Em 1959, o poeta Jorge de Sena deixa Portugal para um exílio do qual não voltaria. Morre em 1978 sem que a pátria, entretanto tornada Democracia, lhe tivesse arranjado um lugar para leccionar. Ao longo destes 20 anos trocou com Sophia de Mello Breyner Andresen dezenas de cartas que são um testemunho desse tempo de portas cerradas, sonhos adiados, vigilância e punição.

Em 2016, a cineasta Rita Azevedo Gomes tinha pronto o filme que fez a partir destas cartas, publicadas em 2010, na Guerra& Paz. A obra, que teve subsídio do ICA e honras de competição no Festival de Cinema de Locarno, não tinha, em Portugal, ninguém interessado em distribui-la. Foi em Espanha que se estreou, pela mão da Numax, onde está a fazer carreira comercial há mais de um ano. A partir desta quinta feira, e apenas durante uma semana, Correspondências poderá ser visto em três salas  de cinema portuguesas. O Presidente da República, Marcelo Rebelo de Sousa vai estar esta noite na sessão que passa no cinema Ideal, em Lisboa, e a realizadora confessa: “Pode ser que isto ajude a acender luzes em algumas cabeças”. 

Os actores Luís Miguel Cintra e Rita Durão são apenas dois dos nomes do longo elenco deste filme-ensaio

A simbólica presença de Marcelo não apaga a pergunta fundamental que esta história deixa sem resposta: Como pode um filme sobre dois dos maiores poetas portugueses do século XX, apoiado com dinheiro  estatal, não ter uma sala para ser apresentado?

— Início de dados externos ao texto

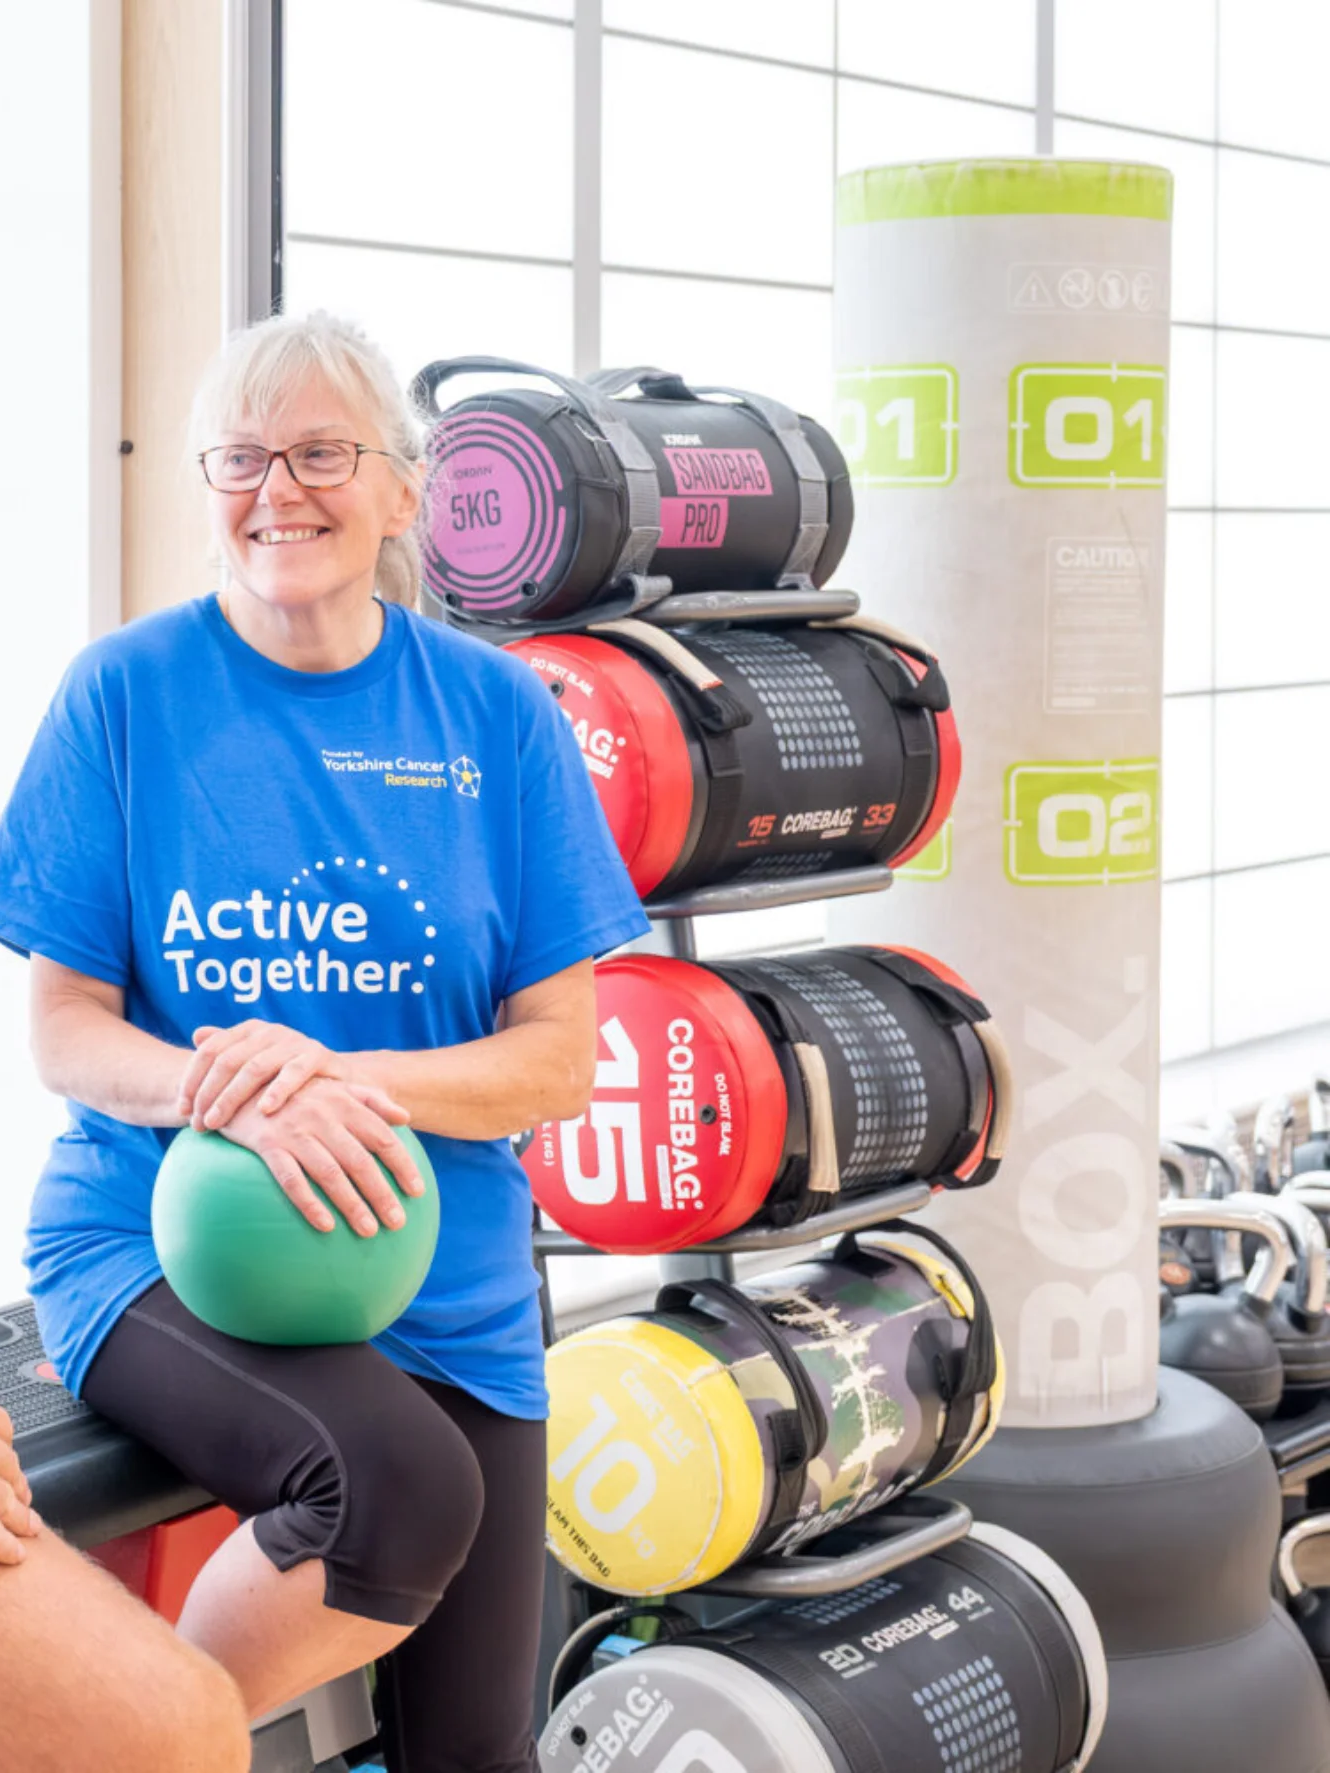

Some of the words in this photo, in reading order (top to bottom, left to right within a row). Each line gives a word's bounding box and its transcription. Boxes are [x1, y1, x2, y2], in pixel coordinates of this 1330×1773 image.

PUB • CONTINUE A LER A SEGUIR

Sena, na sua fúria habitual, na sua língua ferina, nos seus “10 centímetros acima da normalidade portuguesa” como o descreveu José Saramago, haveria de se rir amargamente desta história e citar aquele seu poema lúcido chamado Portugal:

Esta é a ditosa pátria minha amada. Não.
Nem é ditosa, porque o não merece.
Nem minha amada, porque é só madrasta.
Nem pátria minha, porque eu não mereço
A pouca sorte de nascido nela(…)
Eu te pertenço mas seres minha, não.

                  (Portugal, excerto)

“Em Espanha, quando o filme estreou em Santiago de Compostela, eu estava lá e vi, no dia a seguir, pessoas sentadas nas escadarias da catedral a lerem a obra reunida da Sophia e sei que o livro da Guerra&Paz também se vendeu muito para Espanha. Aqui, o filme passou no Doc Lisboa e até teve um prémio. Mas isso só tornou mais difícil a sua ida para as salas, porque me diziam que quem queria ver já tinha visto no Doc Lisboa. Agora o Pedro Borges da Midas vai estrear o filme mas se calhar vai ter três pessoas na sala. Depois não há divulgação nenhuma. A RTP pediu-nos um trailer para publicitar o filme e até agora não publicitou nada”, desabafa Rita Azevedo Gomes ao Observador.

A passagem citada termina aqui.